Tesla's Autopilot Chief Keller Steps Down After Two Years - trimbo
https://www.bloomberg.com/news/articles/2018-04-26/tesla-says-autopilot-vice-president-keller-is-leaving-carmaker
======
nakedrobot2
I think the brunt of the "Tesla Autopilot Deaths" problem is not the tech, but
the marketing department (which has to include Elon Musk of course). This
"kind of autonomous driving" is absolutely deadly, by definition. It's never
going to work well. "The car will drive by itself, until it can't. So don't
pay any attention, until you need to save your own life. We'll give you 2
seconds warning". I mean, really? I don't know why Tesla could possibly think
this is a good idea. By extension, anyone who actually uses or trusts
autopilot is basically forfeiting their life. I think it is cognitively harder
to use autopilot and pay attention, than to simply drive safely.

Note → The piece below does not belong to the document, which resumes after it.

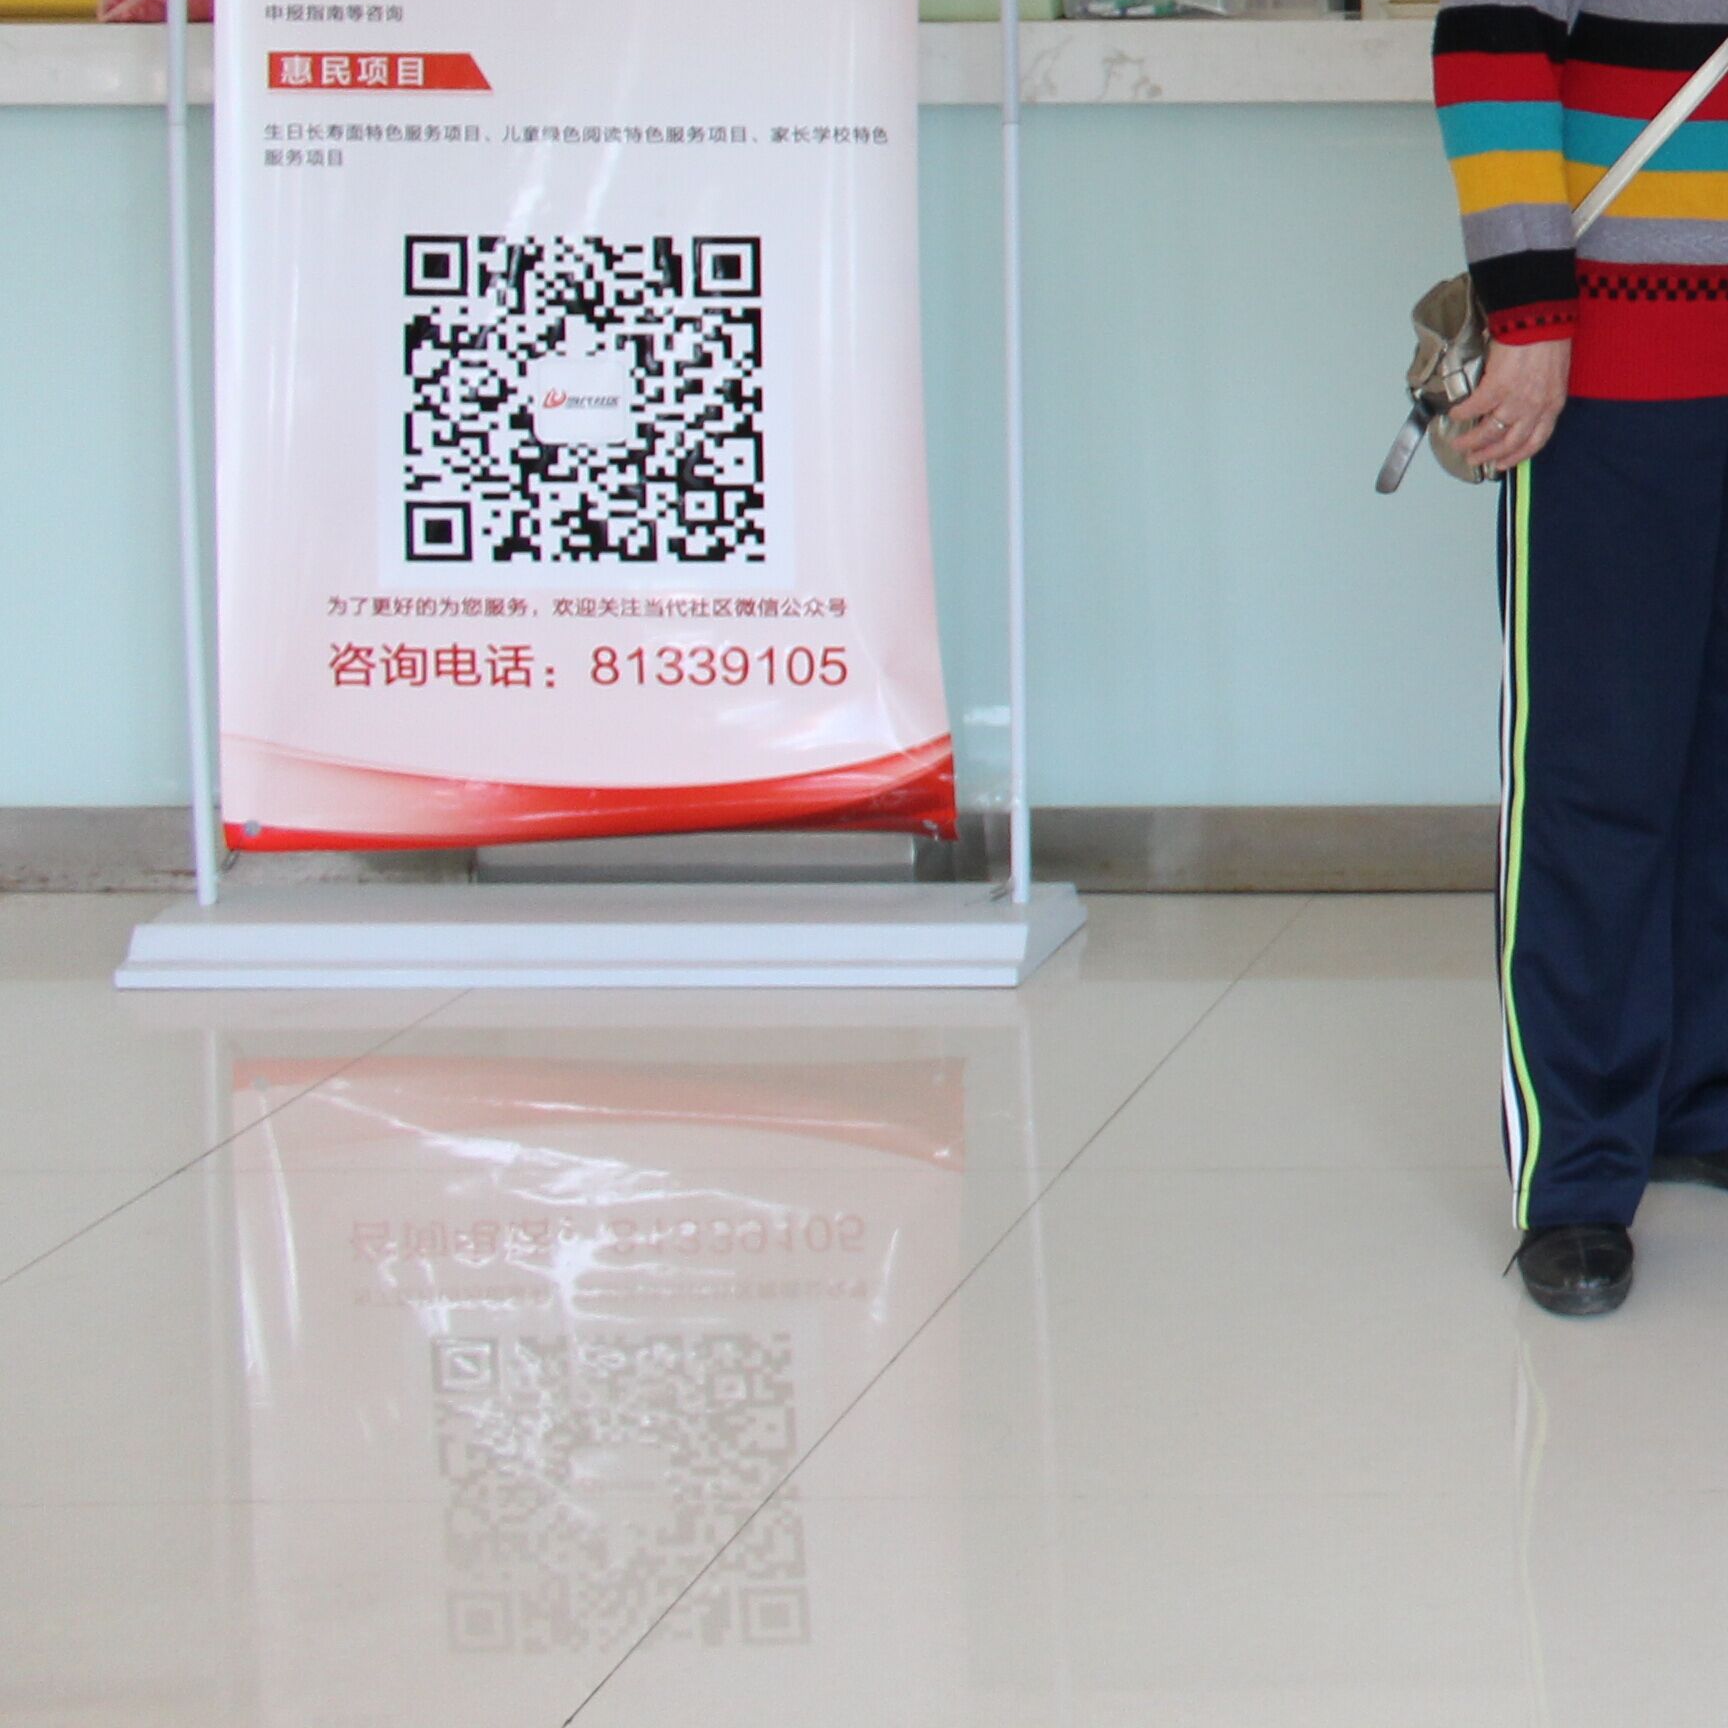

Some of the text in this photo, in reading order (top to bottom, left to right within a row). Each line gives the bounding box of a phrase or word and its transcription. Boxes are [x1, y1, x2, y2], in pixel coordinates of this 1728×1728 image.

As far as the tech goes, I am in agreement with Elon. I think LiDAR is a short
term advantage, but the companies/stacks depending on LiDAR will reach a local
maximum from which they won't recover without totally starting again from
scratch. LiDAR is short range, low resolution, and extremely expensive. There
is no reason that visible light (+ IR) CMOS cameras can't do better by an
order of magnitude, at a lower cost.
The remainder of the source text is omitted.